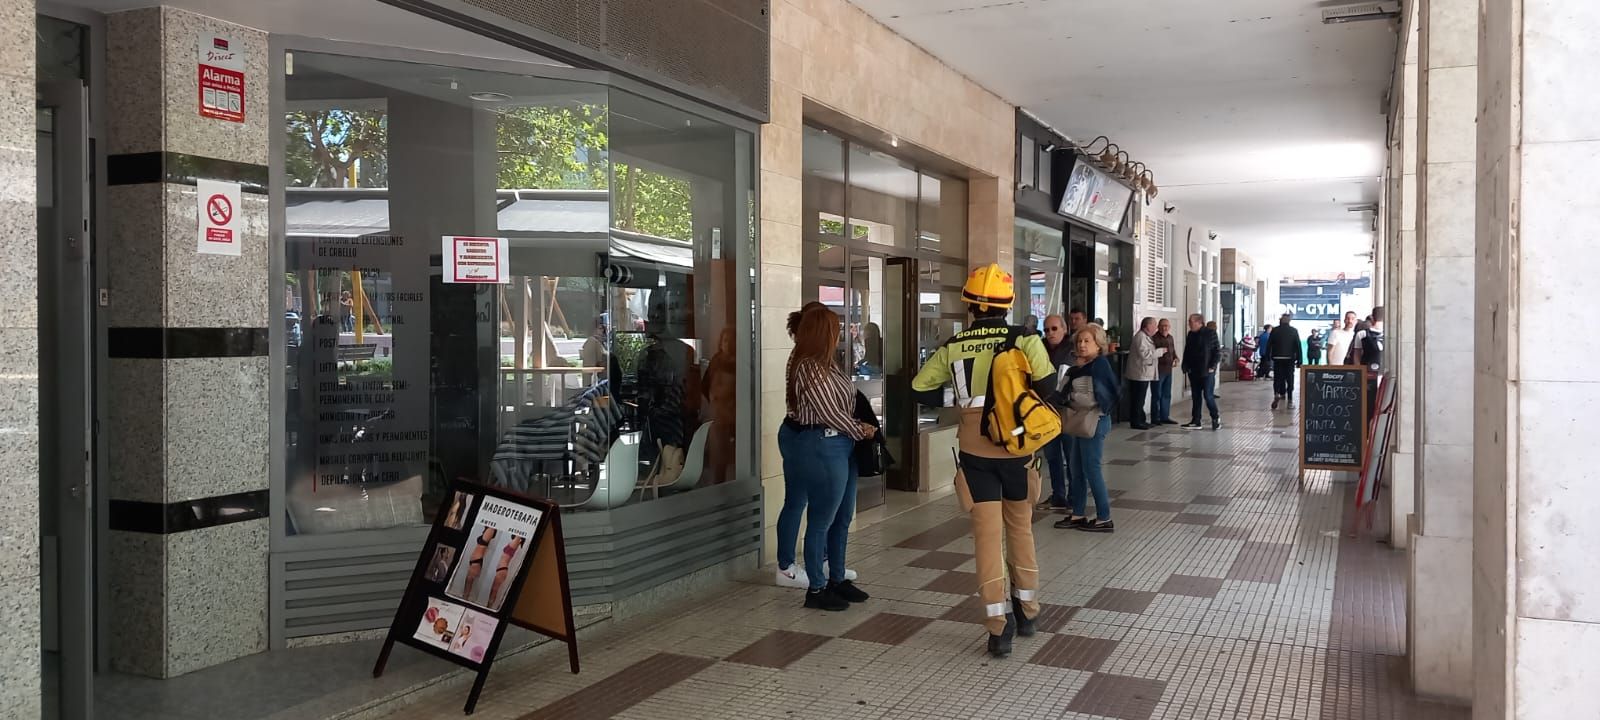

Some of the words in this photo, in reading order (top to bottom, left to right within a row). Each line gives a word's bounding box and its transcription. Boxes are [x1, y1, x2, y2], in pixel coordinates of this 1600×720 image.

[203, 68, 240, 86] Alarma
[319, 247, 327, 257] DE
[329, 247, 357, 258] CABELLO
[482, 502, 538, 526] MADEROTERAPIA
────────────────────
* _EXERCISE DESCRIPTION_
The copy you return must match the records above exactly, minus any images.

* _RESULT OF THIS TASK_
Some of the words in this photo, in reading order (top to bottom, left to right within a row). Each line gives a word's bounding box and its transcription. Boxes are [x1, y1, x2, y2], in pixel coordinates of this 1600×720 image.

[203, 68, 240, 86] Alarma
[319, 247, 327, 257] DE
[329, 247, 357, 258] CABELLO
[482, 502, 538, 526] MADEROTERAPIA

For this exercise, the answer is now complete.